Il faut ici rappeler que l'analyse de la précarité ontologique nous a conduit à reconnaître la nécessité d'un environnement fiable et attentif pour répondre à la détresse humaine. C'est en ce sens que la société, comme structure stable de référence, apparaît comme le pôle complémentaire indispensable à l'équilibre psychique de l'homme.
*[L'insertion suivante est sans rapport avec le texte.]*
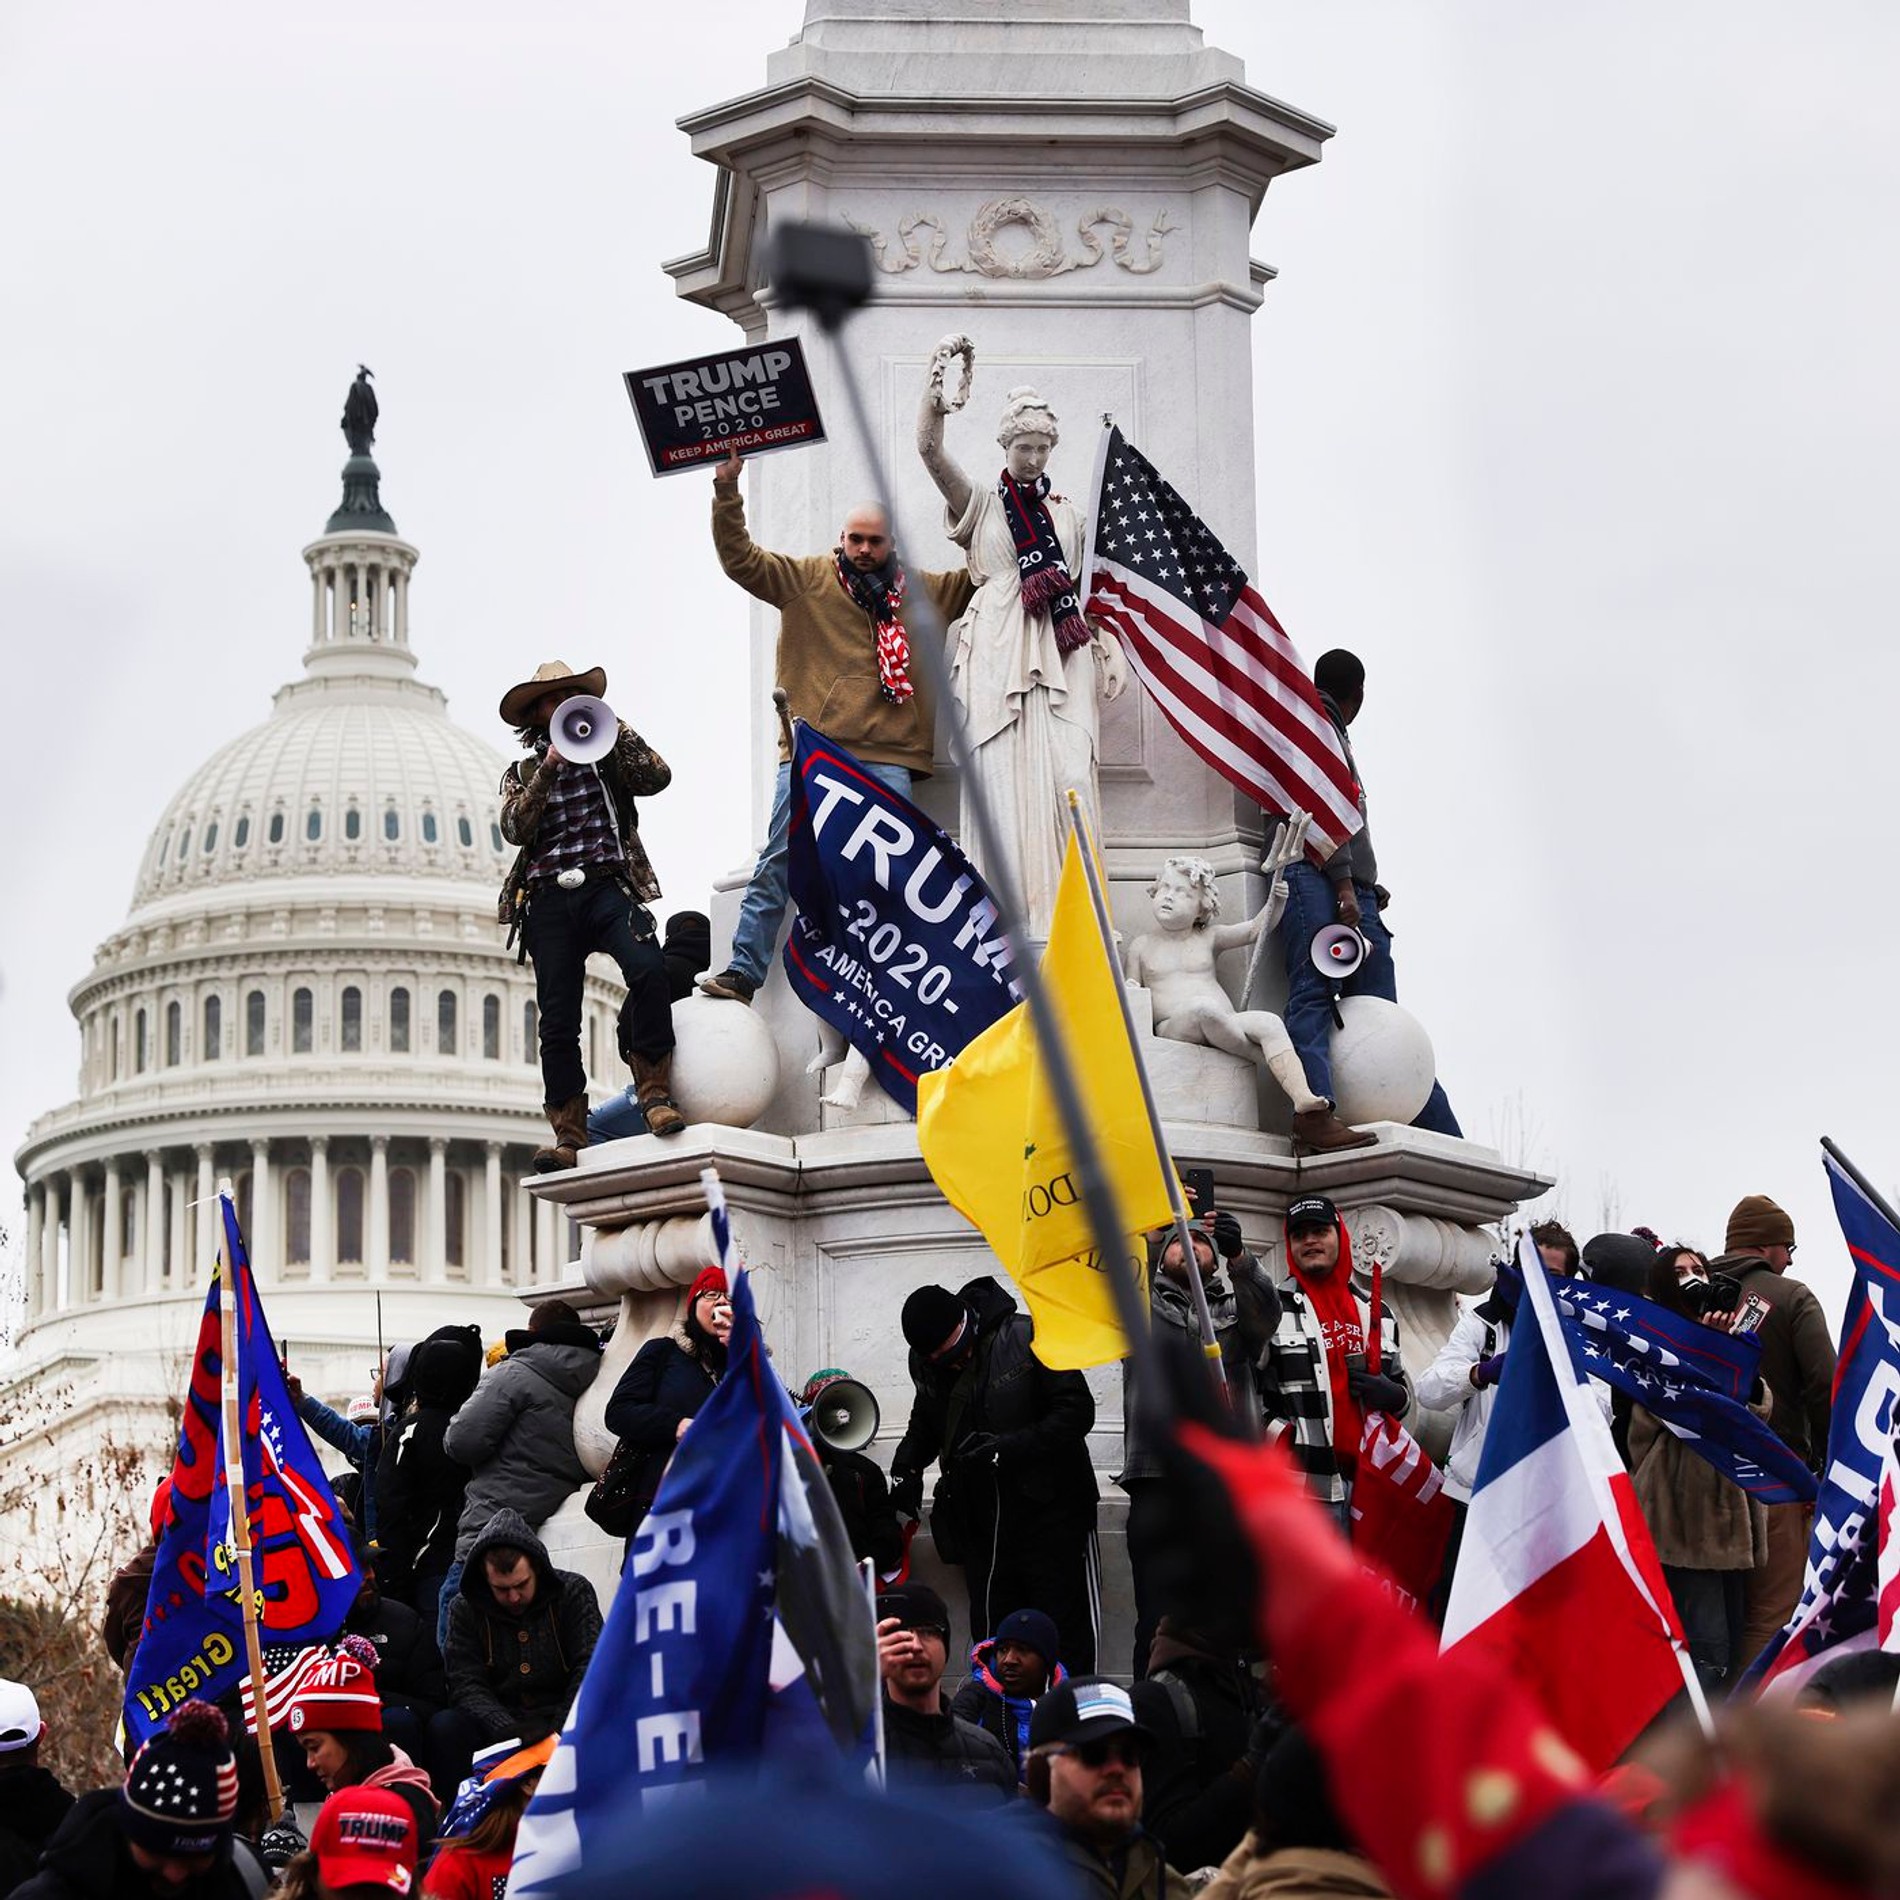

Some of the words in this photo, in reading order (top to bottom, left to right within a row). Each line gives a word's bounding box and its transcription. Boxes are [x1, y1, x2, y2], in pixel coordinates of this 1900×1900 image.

Or, c'est justement ce pôle social stable, sur lequel l'homme pouvait se reposer et par lequel il se voyait assuré qu'une aide lui serait apportée en cas de besoin, qui se voit aujourd'hui fortement ébranlé.
Cet ébranlement nous est tout d'abord rendu sensible par une modification en profondeur de notre rapport à la temporalité. C'est ce que Jean Furtos nomme « l'urgentification du monde ». C'est un affaissement du temps qui donne le sentiment d'une accélération du temps, hors du temps long. Toute chose se fait dans l'urgence. Quelque soit le métier, et même sans métier, nous sommes toujours dans l'urgence. Dans cette grande précarité, il faut se débrouiller, se dépêcher de fournir des papiers, de suivre des procédures, etc.. Il faut toujours résoudre les problèmes dans l'immédiat. Cette urgentification du monde nous coupe donc de la continuité temporelle, elle rompt le cours du temps pour inscrire celui-ci dans une logique de l'immédiateté. Se comprend dés lors que les filiations se perdent et que les transmissions culturelles s'émoussent. Cependant, en perdant le sens de la filiation, l'homme perd aussi l'inscription de sa place dans la lignée familiale, dans la communauté régionale, dans la communauté politique à laquelle il appartient. Cette disparition du sentiment d'appartenance entraîne à sa suite les référents par lesquels - ou contre lesquels – les individus se construisent. L'urgentification du monde radicalise donc l'atomisme social, il fait des individus des êtres séparés, scindés les uns des autres, que ce soit dans la dimension verticale de l'héritage de traditions ou que ce soit dans la dimension horizontale du vivre ensemble.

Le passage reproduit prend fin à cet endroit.